Cary Grant en la cubierta de un barco en 1955. Foto: Getty

Cary Grant, la quintaesencia de la estrella de Hollywood

Su imagen pública. El canon de la masculinidad del siglo XX era una creación tan artificial que hasta el propio Archibald Leach (nombre real del actor) declaró “todo el mundo quiere ser Cary Grant, incluso yo quiero ser Cary Grant”. Su elegancia natural y su sarcasmo encantador lo convirtieron en la quintaesencia de la estrella de Hollywood durante tres décadas: desde No soy un ángel en 1933 hasta Charada en 1963, dos años antes de su retirada a los 61 años en calidad de leyenda.

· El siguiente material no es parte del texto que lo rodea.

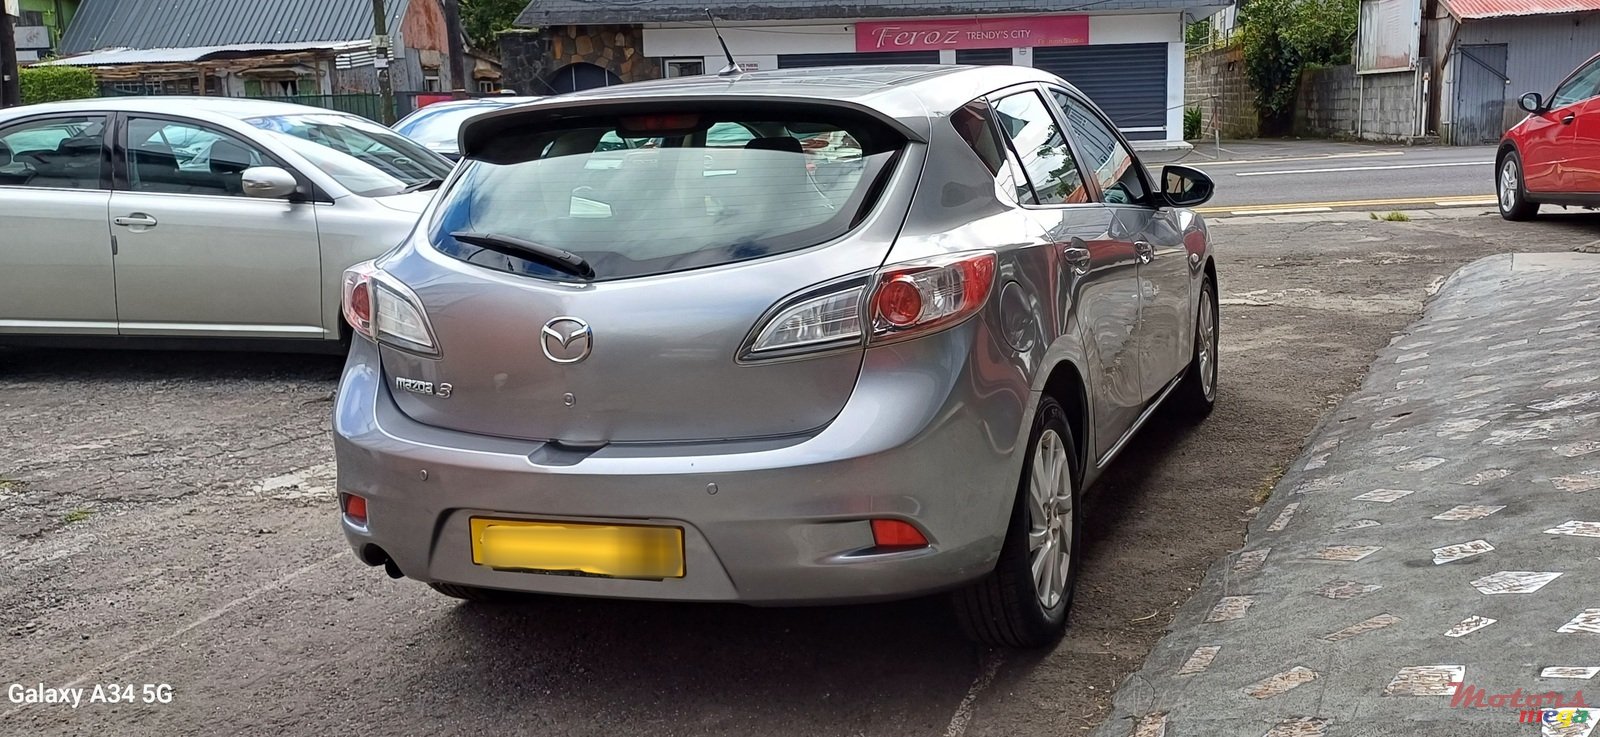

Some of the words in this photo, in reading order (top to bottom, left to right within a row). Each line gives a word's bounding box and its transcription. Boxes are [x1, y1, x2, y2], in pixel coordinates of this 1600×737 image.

[871, 26, 961, 49] Feroz
[966, 30, 1009, 40] TRENDY'S
[1010, 29, 1031, 39] CITY
[436, 382, 453, 399] 3
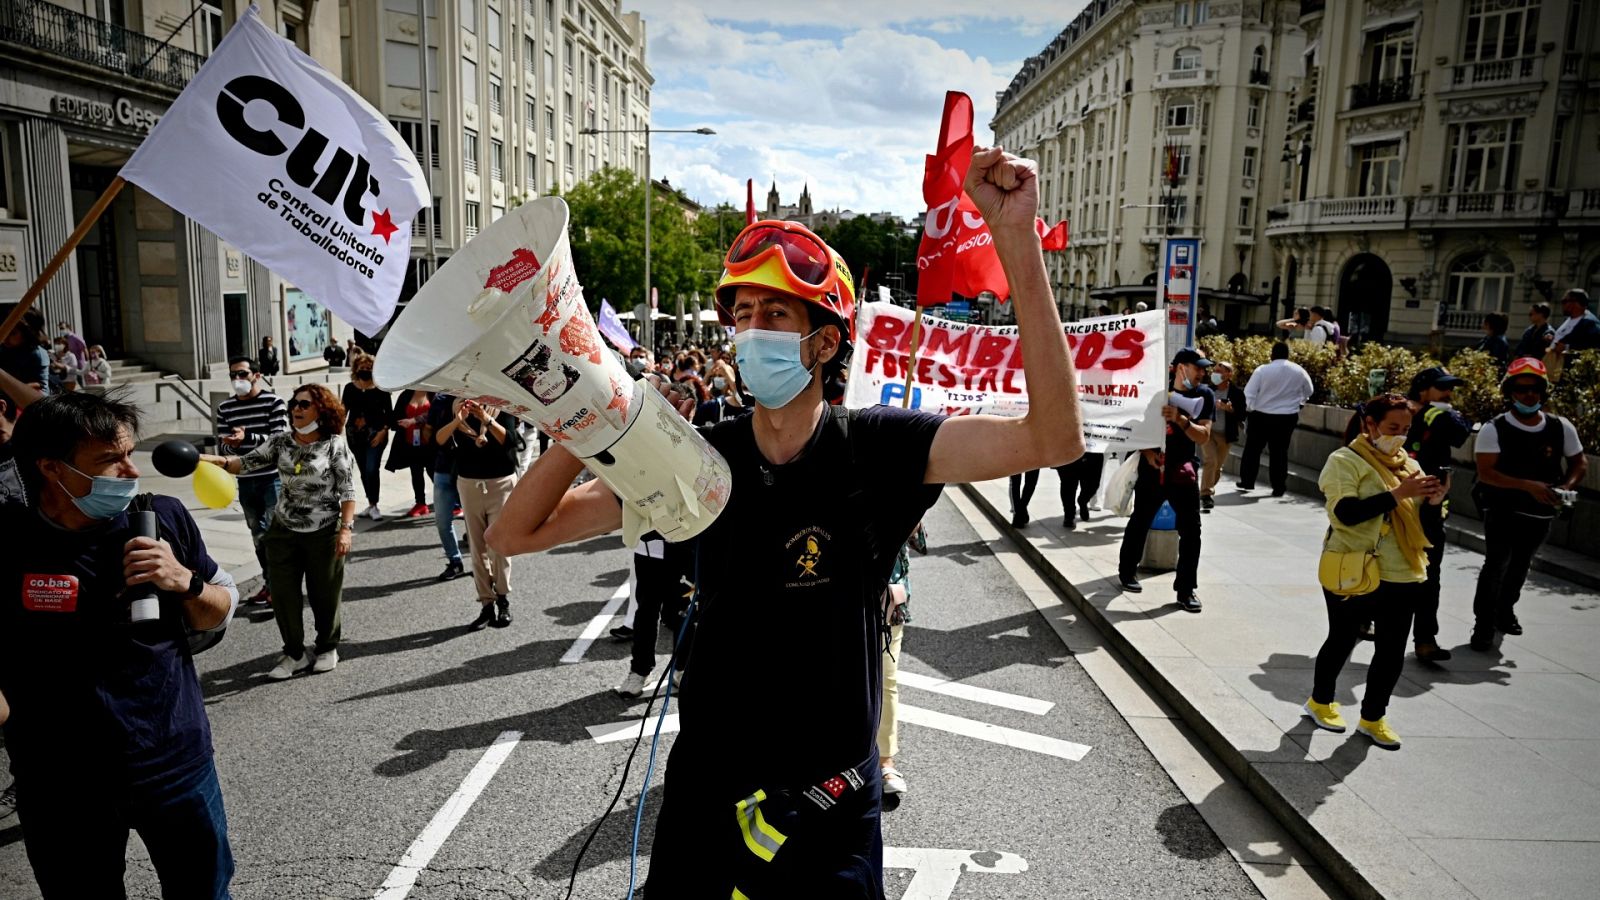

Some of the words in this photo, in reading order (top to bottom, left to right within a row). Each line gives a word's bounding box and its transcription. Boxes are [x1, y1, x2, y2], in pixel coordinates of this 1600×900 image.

[53, 95, 115, 122] EDIFICIO
[257, 191, 279, 210] de
[280, 204, 375, 279] Traballadoras
[268, 178, 331, 229] Central
[329, 221, 385, 266] Unitaria
[920, 315, 935, 326] NO
[937, 320, 949, 329] ES
[951, 323, 965, 332] UNA
[998, 327, 1011, 336] ES
[1064, 318, 1137, 334] ENCUBIERTO
[866, 314, 1147, 371] BOMBOS
[572, 412, 598, 432] Roja
[29, 577, 71, 588] co.bas

Su secreto. Cuando llegó a Hollywood Archie convivió con el diseñador de vestuario Orry Kelly, quien siempre mantuvo que fueron pareja abiertamente durante los permisivos años 20. Aquella relación duraría nueve años, hasta que Grant se fue a vivir con el actor Randolph Scott. El caso de Grant es muy particular porque, aunque siempre negó los rumores en torno a su sexualidad, no tuvo reparos en posar para un reportaje de la revista Modern Screen junto a Scott. Las fotos muestran a las dos estrellas en la mansión que compartían en Los Feliz (Los Ángeles) en escenas domésticas idílicas (cocinando con delantales, desayunando en pijama, bañándose en la piscina) e incluso tocándose con una intimidad poco habitual. La relajación con la que Grant y Scott posaban en estampas de pura felicidad costumbrista como la de Cary tumbado a los pies de Randolph mientras leen el periódico, Randolph tocando el hombro desnudo de Cary o ambos haciendo pesas semidesnudos se convirtieron en un clásico inmediato del homoerotismo. El periodista gay Ben Maddox acompañó las fotos con un texto plagado de guiños para que los lectores homosexuales comprendiesen que los dos actores eran pareja. Si los actores mantenían una relación no parecían esforzarse demasiado en ocultarlo. El supervisor del guión de My favorite wife (“Mi esposa favorita”, título de su segunda película juntos y, según los mentideros de Hollywood, apelativo con el que Grant llamaba a Scott) contaría que ambos compartían camerino a pesar de tener cada uno el suyo. Grant y Scott dejaron de vivir juntos cuando el primero se casó con Virginia Cherrill en 1935, pero un año después se separó de ella (Cherrill alegó alcoholismo, malos tratos y un nulo interés sexual por parte de su marido) y volvió a vivir con Scott tanto en su mansión de Los Feliz como en la segunda residencia que se compraron juntos en la playa de Santa Monica. Grant y Scott convivieron un total de 12 años, más de lo que duró ninguno de los cinco matrimonios de Cary Grant. Su amiga Carole Lombard definió su amistad como “la relación perfecta: Randolph paga las facturas y Cary las envía por correo”.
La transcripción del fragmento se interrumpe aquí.